L’obiettivo della strategia è presto detto: conquistare e affascinare un elettorato più ampio, di destra e di centrodestra. Per costruire quel serbatoio di voti a cui attingere in vista del secondo turno delle presidenziali, che le era mancato nel 2017. Perché Le Pen si vede già al secondo turno.

Un sondaggio di Harris Interactive, pubblicato da L’Opinion il 25 gennaio, attribuisce infatti a Le Pen il 25 per cento al primo turno, con uno zoccolo ormai consolidato di elettori, seguita da Emmanuel Macron con il 23 per cento. Più distanziati gli altri e con molta varietà a seconda delle candidature di destra e di sinistra. Al secondo turno l’attuale presidente vincerebbe con il 52 per cento dei voti, contro il 48 della candidato dell’estrema destra. Le Pen prese il 30 per cento nel 2017. Una distanza ridotta che ha messo in allarme l’Eliseo.

Un risultato che è anche il frutto dello sforzo della leader del Rassemblement National per acquisire credibilità. A partire dal programma economico. Dopo aver cambiato idea sull’euro, poco dopo la sconfitta elettorale del 2017, recentemente, sempre dalle pagine de L’Opinion, Le Pen ha preso posizione sul tema del debito, in particolare sull’esplosione della spesa pubblica per affrontare il Covid-19: 

Un debito deve esser rimborsato. C’è un aspetto morale essenziale in questo. Quando uno stato sovrano fa appello a una fonte esterna di finanziamento, deve mantenere la sua parola. Deve organizzarsi per rimborsare quel debito, costi quel che costi.

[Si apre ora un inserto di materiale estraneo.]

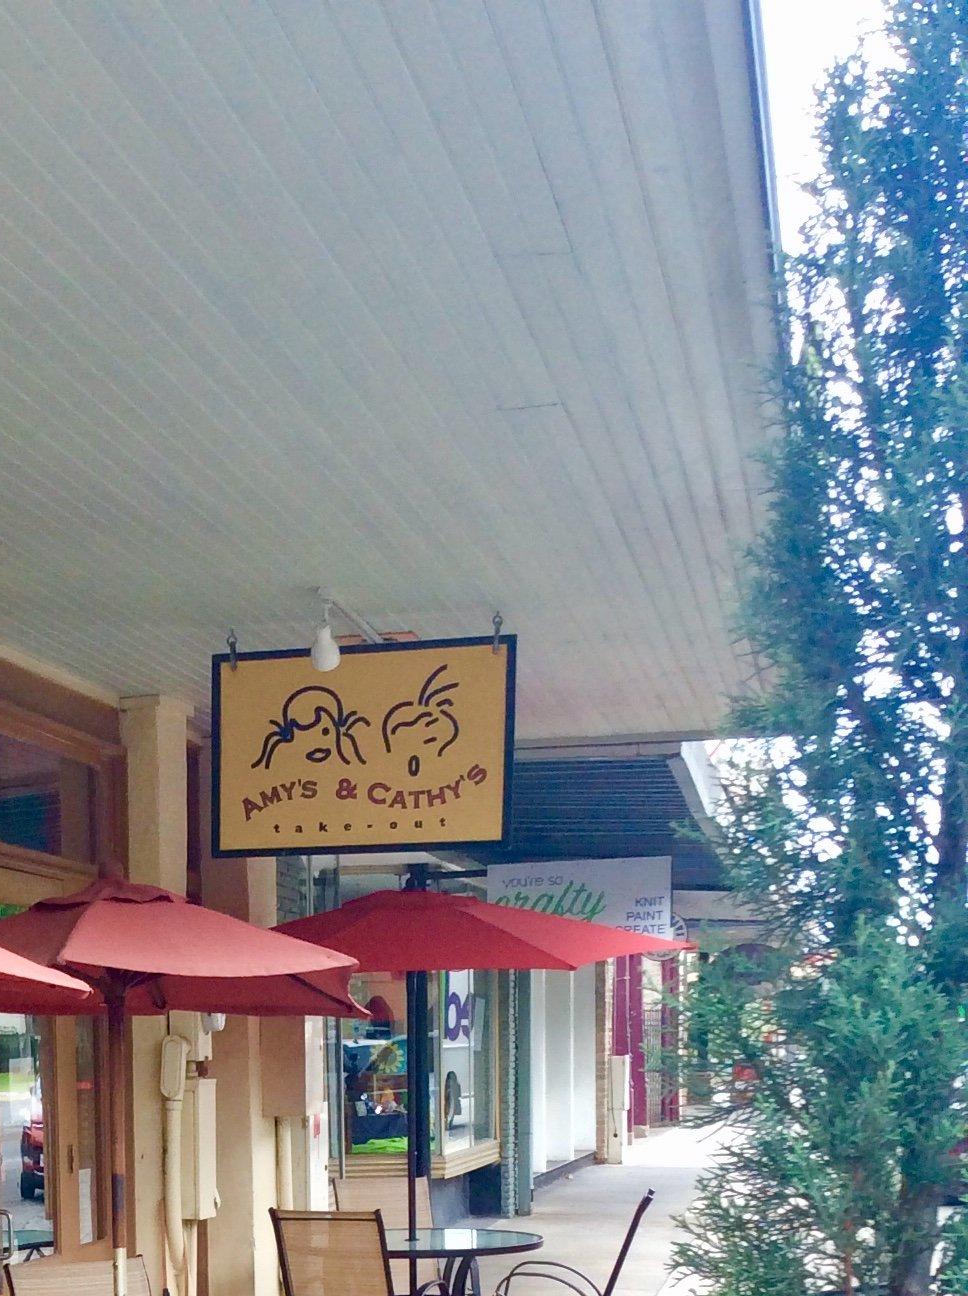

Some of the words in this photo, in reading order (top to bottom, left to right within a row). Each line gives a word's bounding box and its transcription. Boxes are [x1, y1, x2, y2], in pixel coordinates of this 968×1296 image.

[241, 778, 318, 822] AMY'S
[335, 777, 358, 801] &
[367, 763, 488, 811] CATHY'S
[273, 818, 447, 835] take-out
[548, 874, 564, 886] so
[634, 896, 665, 908] KNIT
[626, 910, 664, 922] PAINT

Parole che suonano un messaggio rivolto al di là del Reno ma anche a quell’elettorato di centrodestra che su euro e debito pubblico avevano posizioni opposte a quelle di Le Pen. Unica soluzione per la presidente del Rassemblement National è la crescita, un approccio che lei definisce “pragmatico”:

Ciò implica investimenti a lungo termine in infrastrutture, tecnologie, settori industriali chiave per la sovranità nazionale, pianificazione regionale, transizione energetica e ambientale.

Qualche tempo prima Le Pen aveva anche abbandonato l’idea di un ritorno alle frontiere francesi e si era espressa per la libera circolazione dei soli cittadini europei, cambiando parere anche sul ruolo della Corte europea dei diritti dell’uomo che un tempo la retorica lepenista definiva come un vincolo alla sovranità nazionale.

Questo riposizionamento di Marine Le Pen ha due obiettivi. Il primo è differenziarsi dal programma populista in campo economico e di politiche europee di Jean-Luc Mélenchon, il leader de La France Insoumise. Il secondo, e più importante, è avanzare su “territori” oggi presidiati da Les Républicains, il partito che fu di Nicolas Sarkozy. In particolare Le Pen punta alla componente più anziana dell’elettorato di centrodestra – e francese in generale -, scettica rispetto alle proposte economiche e in tema di Europa della leader del Rassemblement National.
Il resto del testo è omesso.